Research output: Contribution to journalArticle

Abstract

Children with congenital central hypoventilation syndrome (CCHS) have a PHOX2B mutation-induced control of breathing deficit necessitating artificial ventilation as life support. A subset of CCHS families seek phrenic nerve-diaphragm pacing (DP) during sleep with the goal of tracheal decannulation. Published data regarding DP during sleep as life support in the decannulated child with CCHS and related airway dynamics in young children are limited.
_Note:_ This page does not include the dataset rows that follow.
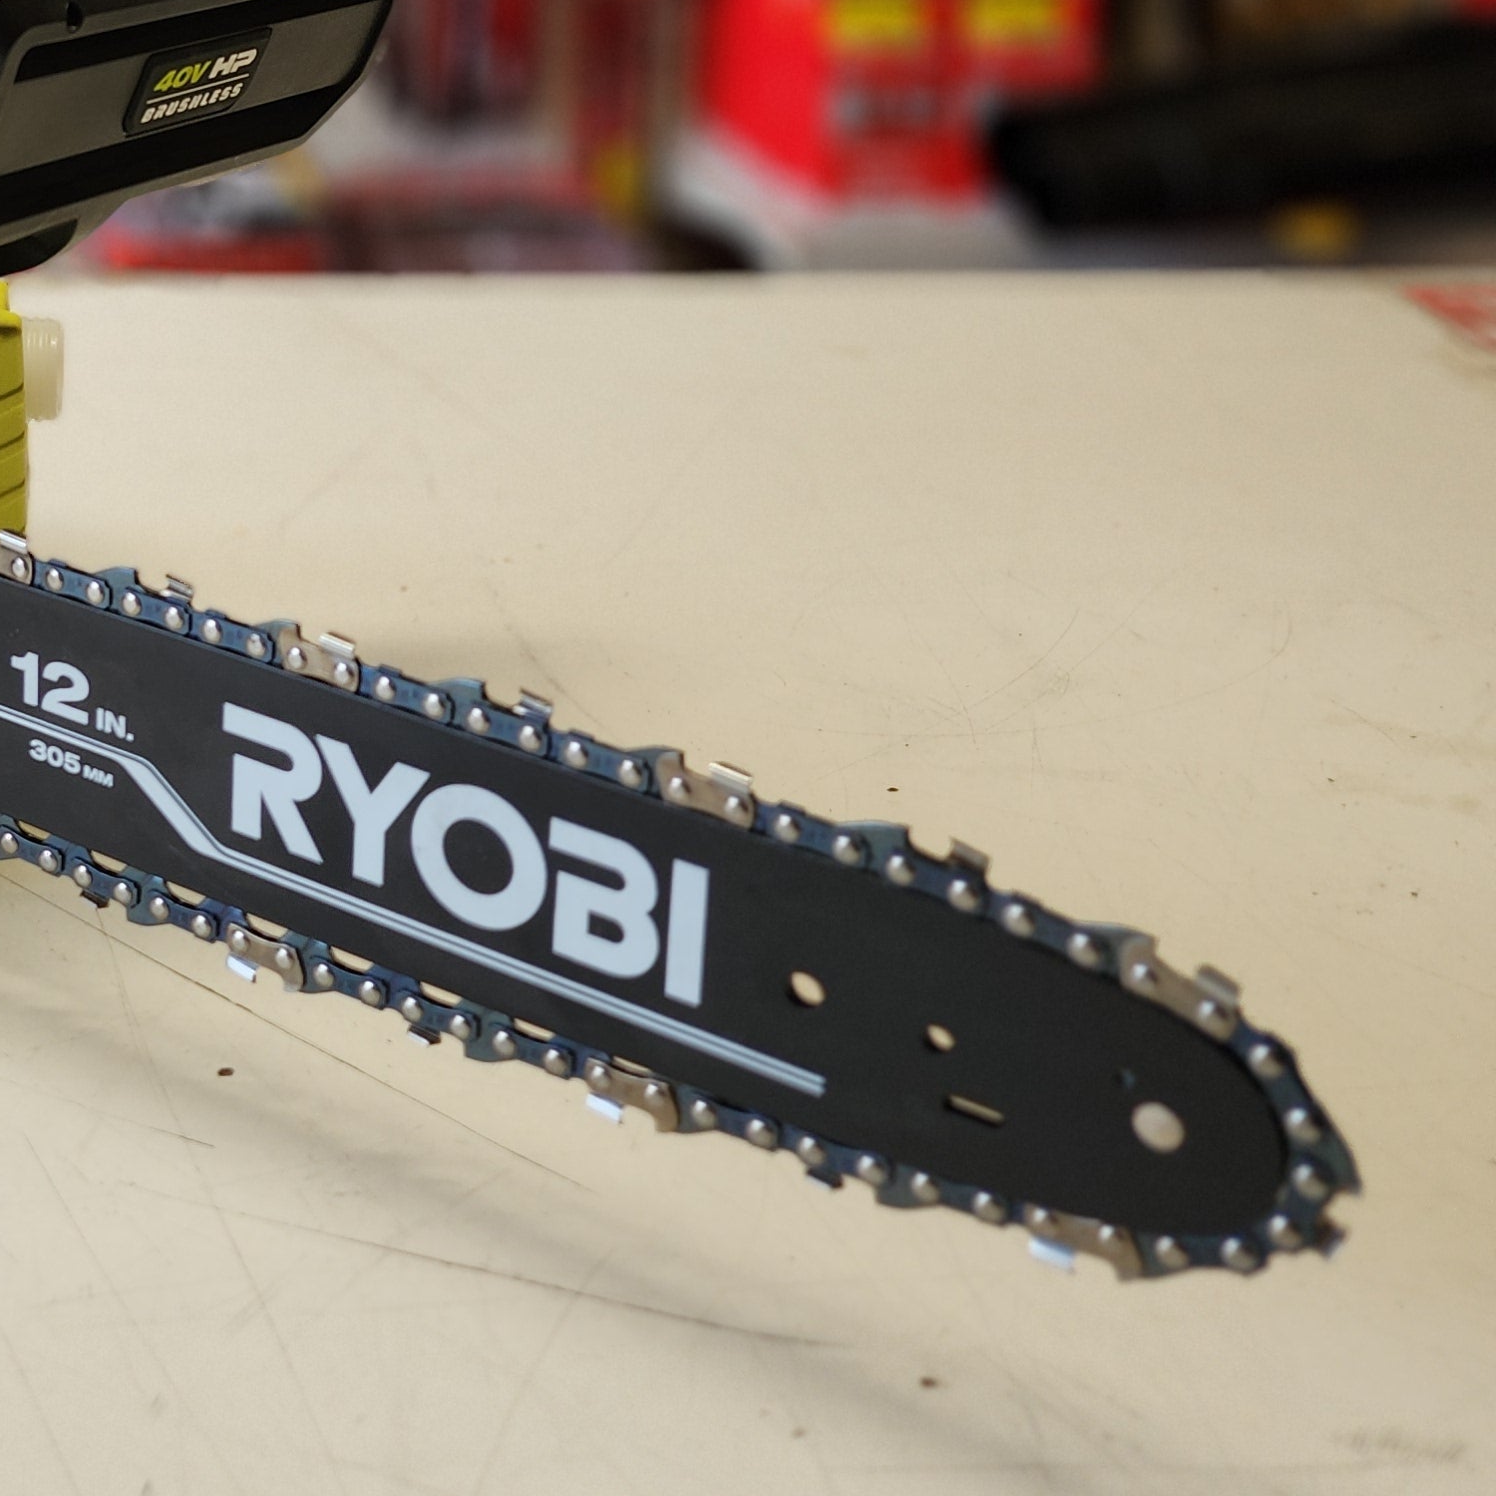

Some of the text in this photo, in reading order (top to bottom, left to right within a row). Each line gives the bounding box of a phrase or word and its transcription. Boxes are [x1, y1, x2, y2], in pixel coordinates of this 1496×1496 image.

[153, 48, 257, 92] 40V HP
[140, 82, 244, 124] BRUSHLESS
[10, 651, 136, 742] 12 IN.
[28, 737, 115, 789] 305 MM
[221, 701, 710, 1007] RYOBI
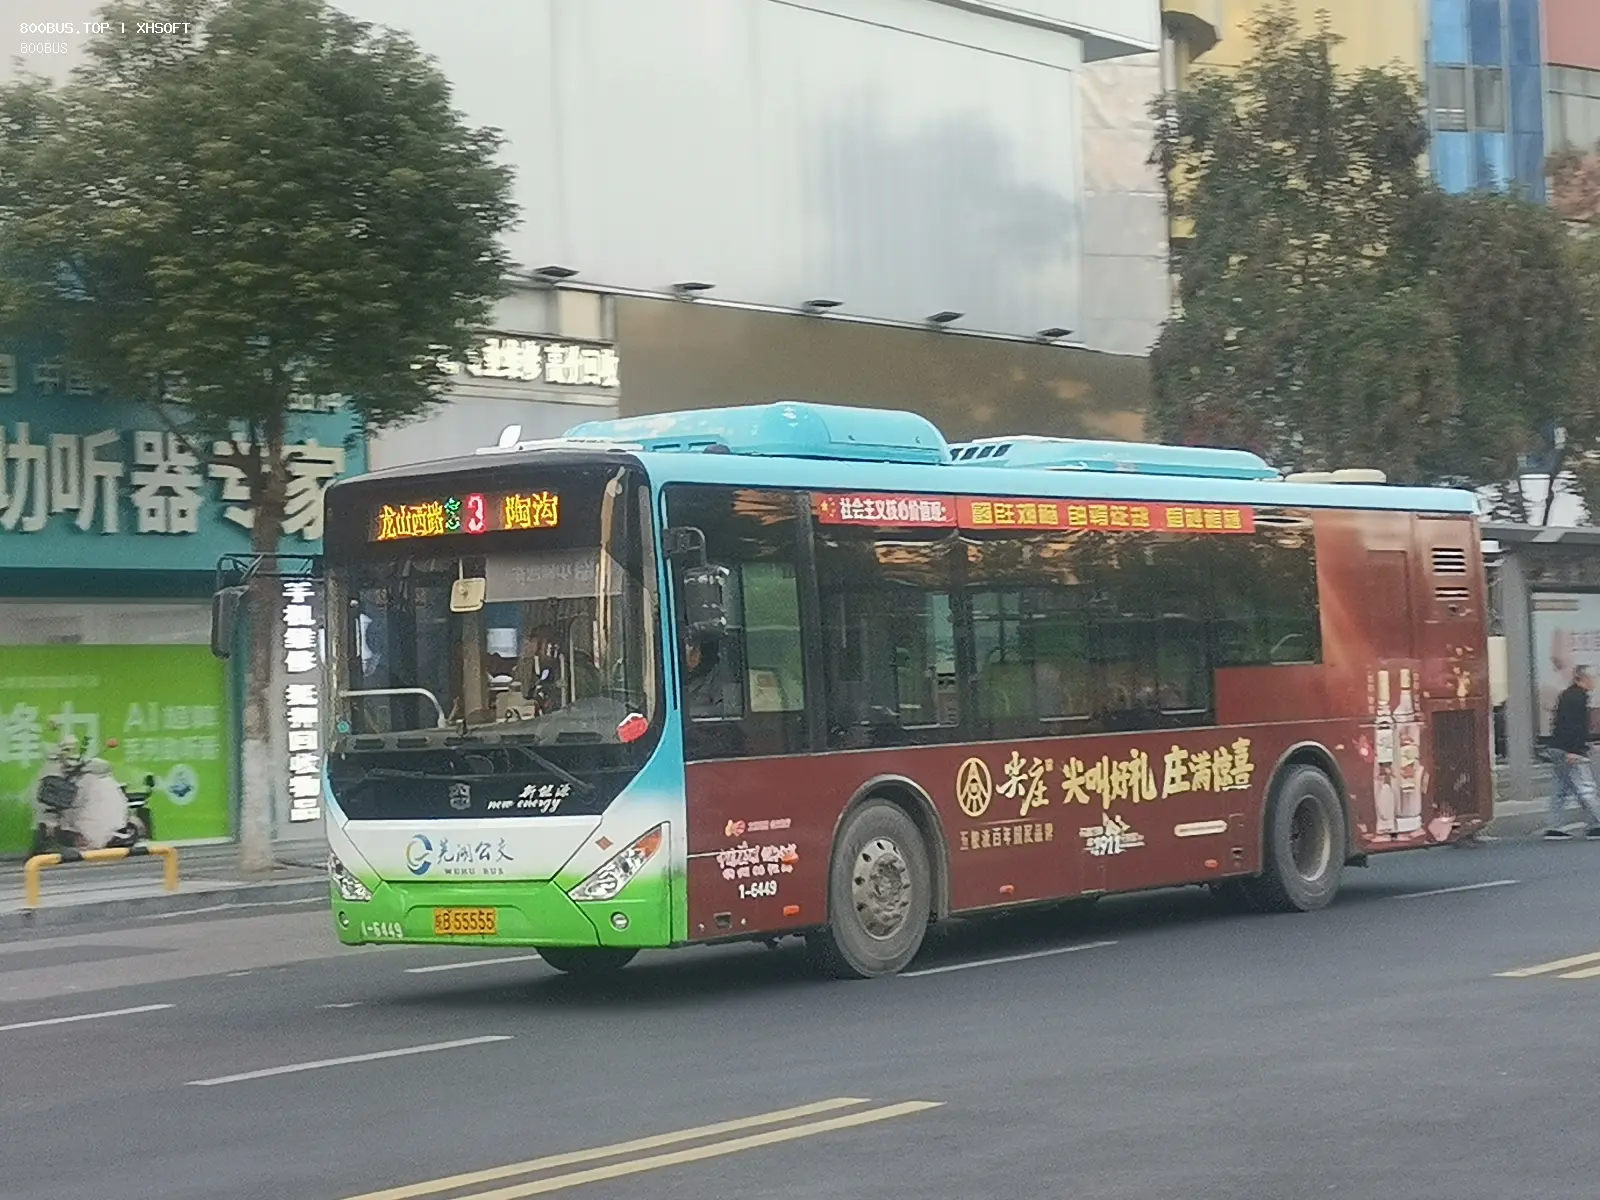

We report a series of 3 children, ages 3.3-4.3 years, who underwent decannulation. Sleep endoscopy performed during DP revealed varied (oropharynx, supraglottic, glottic, etc.) levels of complete airway obstruction despite modification of pacer settings. Real-time analysis of end tidal CO2 and SpO2 confirmed inadequate gas exchange. Because the families declined re-tracheostomy, all 3 patients rely on noninvasive mask ventilation as a means of life support while asleep. These results emphasize the need for extreme caution in proceeding with tracheal decannulation in young children with CCHS who expect to use DP during sleep as life support. Parents and patients should anticipate that they will depend on noninvasive mask ventilation (rather than DP) during sleep after undergoing decannulation. This information may improve management and guide expectations regarding potential decannulation in young paced children with CCHS.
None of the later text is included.